PharScite in Conjunction with CfPA Presents:
Surviving an FDA Inspection: FDA Inspection of Non-U.S. Sites
June 18-19, 2020 | Kuala Lumpur, Malaysia
This course provides an overview of the FDA inspection process in general and of particulars applicable to “foreign inspections”. It provides a background and understanding of the role played by the Agency, its administrative and enforcement powers. The course provides a step by step description of the inspectional process with specific examples regarding cGMP compliance inspections and pre-approval inspections. The FDA initiatives regarding inspections, like risk based approach and system based approach, will be discussed in detail. This will enable participants to better understand how to prepare their companies for FDA inspections. The course consists of lectures, discussions, and hands-on case studies.
Who Should Attend
This overview course is intended for individuals whose functions have direct or indirect involvement with FDA inspections. These functions include among others:
• Top Management
• Quality Assurance/Control
• Regulatory Affairs
• Research & Development
• Quality Systems Management
• Documentation Management
The course will focus on various types of inspections in the pharmaceutical, medical device and related industries and will look at policies, procedures and experiences relevant to those inspections.
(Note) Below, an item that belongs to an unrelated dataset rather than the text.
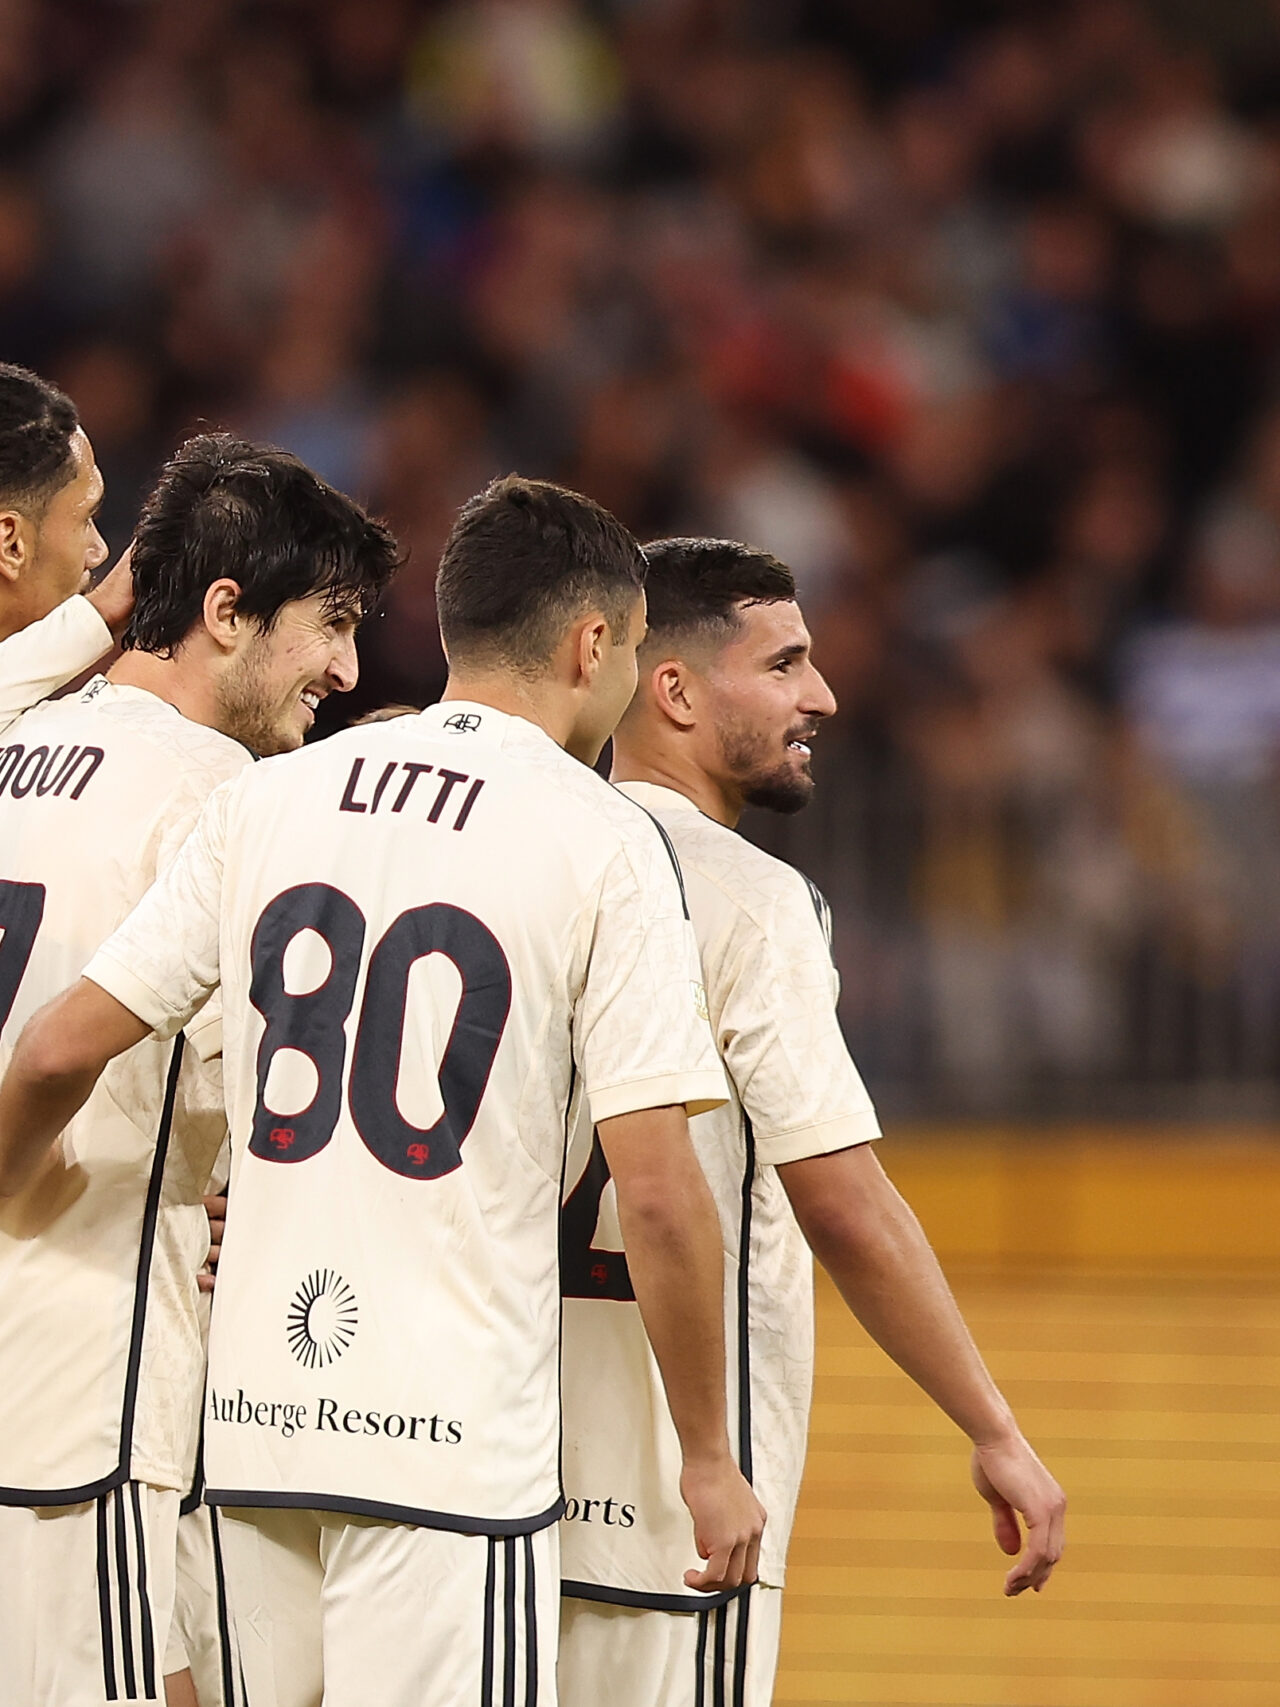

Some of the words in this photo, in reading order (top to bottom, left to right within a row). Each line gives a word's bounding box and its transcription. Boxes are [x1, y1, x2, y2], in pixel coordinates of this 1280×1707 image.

[339, 757, 485, 831] LITTI
[248, 882, 512, 1181] 80
[315, 1398, 463, 1445] Resorts
[564, 1496, 636, 1528] orts
Upon completion of this course, you will be able to:
• Discuss the organization, structure and role of the FDA
• Outline the rationale for and the process of foreign inspections
• Identify what the inspectors are looking for, how they perform cGMP compliance inspections as well as pre-approval inspections, and what kind of consequences can be expected as a result of non-compliance
Kimberly Johnson, is an industry veteran and specializes in the areas of Quality Assurance and Quality Management Systems. Prior to consulting, Ms. Johnson has been in the industry 25+ years serving in numerous quality management roles with start ups to Fortune 500 companies (DepoTech, Bristol Myers Squibb, Wyeth, Purdue Pharma, Watson Laboratories, Inc., Pii and Cambrex) managing combination products, medical devices, parenterals and pharmaceuticals (solid and liquid oral, topical and transdermal).
Ms. Johnson is skilled in the development, implementation, maintenance and continuous improvement of Quality Management Systems that include Audits & Inspections, Document Management, Change Management, Risk Management, Corrective and Preventive Action and Effectiveness programs, Deviations and Investigations, Complaint and MDR Handling, Supplier Qualification, Data Integrity and Quality System Management Metrics and Trending.
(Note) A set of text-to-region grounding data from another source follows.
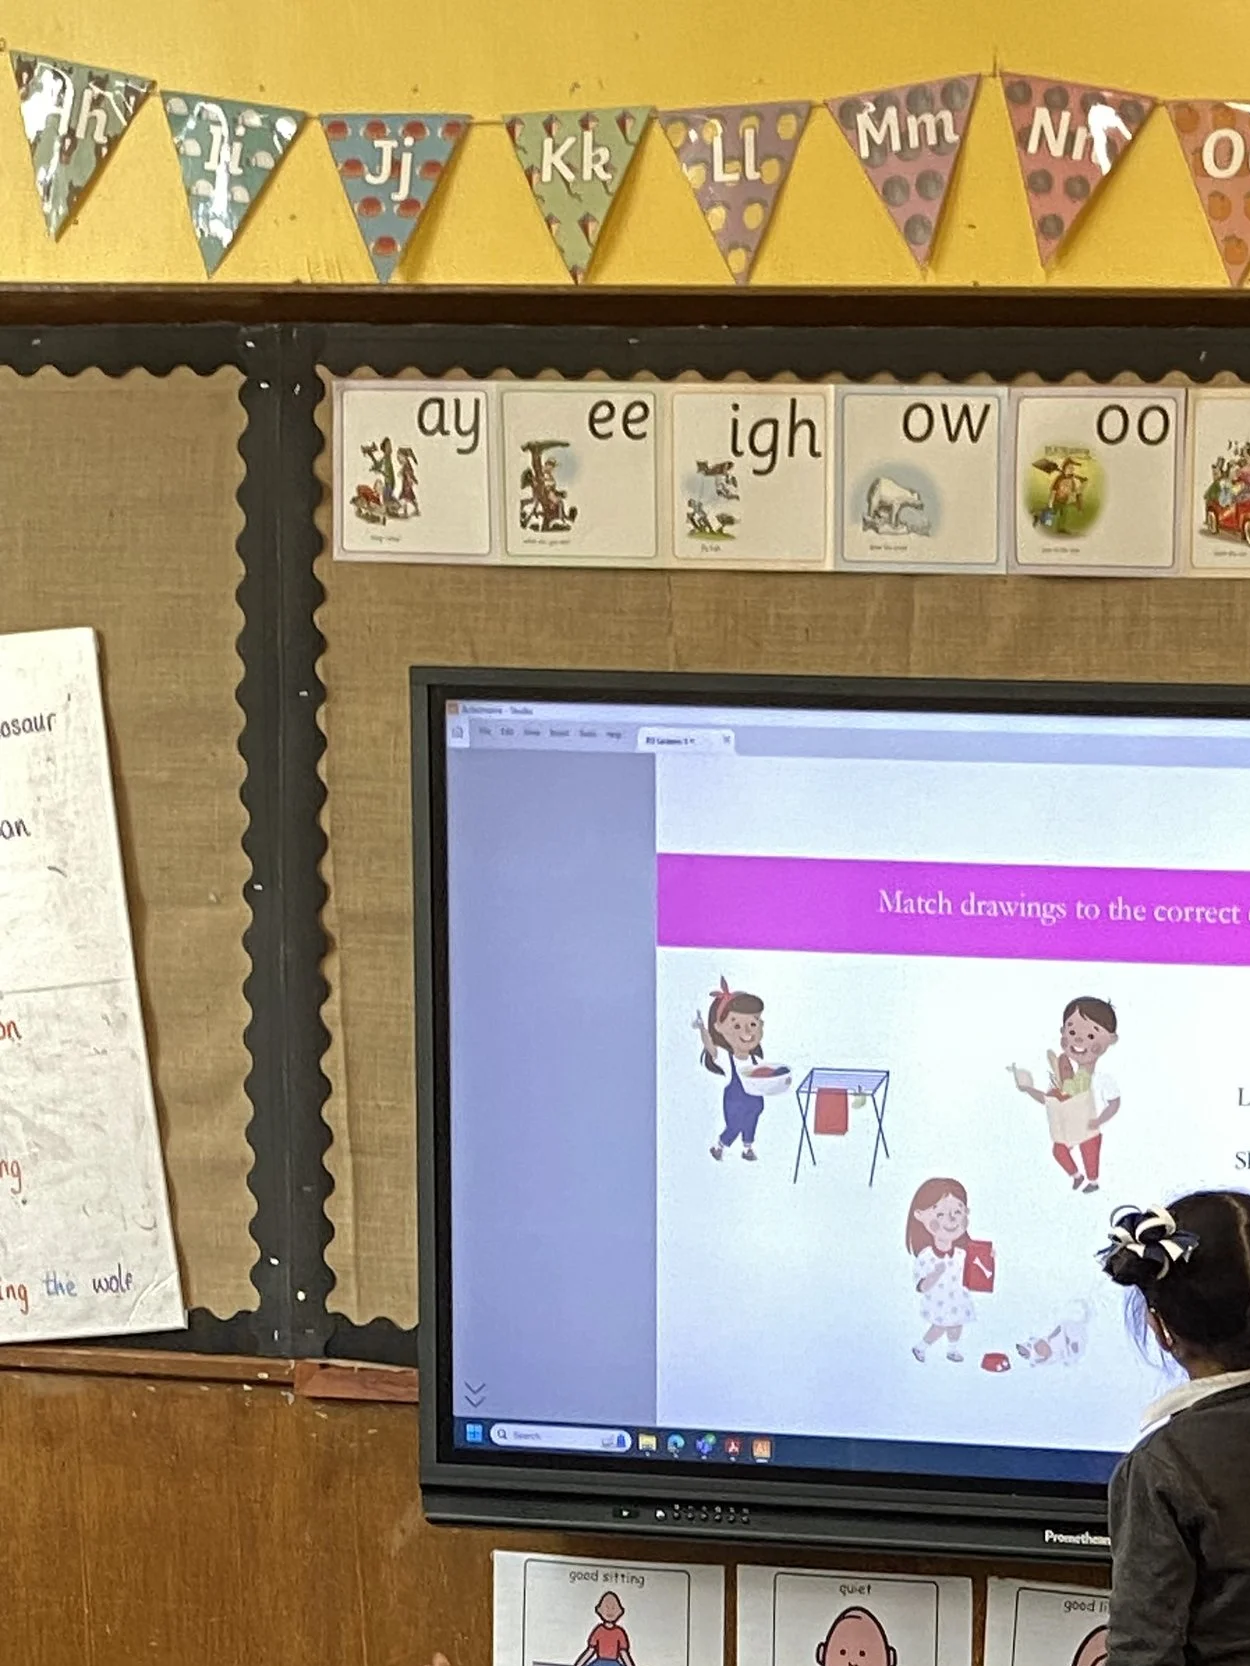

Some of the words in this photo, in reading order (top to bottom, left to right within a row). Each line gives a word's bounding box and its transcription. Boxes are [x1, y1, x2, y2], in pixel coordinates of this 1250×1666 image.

[856, 105, 960, 159] Mm
[364, 138, 413, 203] Jj
[541, 135, 613, 185] Kk
[712, 127, 760, 183] Ll
[417, 396, 482, 454] ay
[587, 398, 651, 441] ee
[729, 398, 822, 476] igh
[902, 402, 991, 444] ow
[1096, 403, 1170, 446] oo
[877, 888, 953, 916] Match
[960, 891, 1067, 926] drawings
[1076, 899, 1100, 920] to
[1108, 896, 1146, 922] the
[1153, 900, 1241, 925] correct
[42, 1270, 77, 1297] the
[92, 1262, 132, 1294] wolf
[569, 1569, 599, 1583] good
[602, 1570, 645, 1588] sitting
[839, 1583, 872, 1598] quiet
[1064, 1600, 1095, 1613] good
Accreditations/Recertifications For This Course
The Center for Professional Advancement (CfPA) has been approved as an Accredited Provider by the International Association for Continuing Education and Training (IACET), 11130 Sunrise Valley Drive, Suite 350, Reston, VA 20190. In obtaining this approval, CfPA has demonstrated that it complies with the ANSI/IACET Standards which are widely recognized as standards of good practice internationally. CfPA is therefore authorized to offer IACET CEUs for its programs that qualify under the ANSI/IACET Standards. CEUs will be awarded for participation in CfPA’s courses at the rate of .1 CEU per contact hour upon successful completion of the entire course and 70% accuracy in the required Learners’ Assessment. This course offers a total of 12 contact hours, or 1.2 CEUs.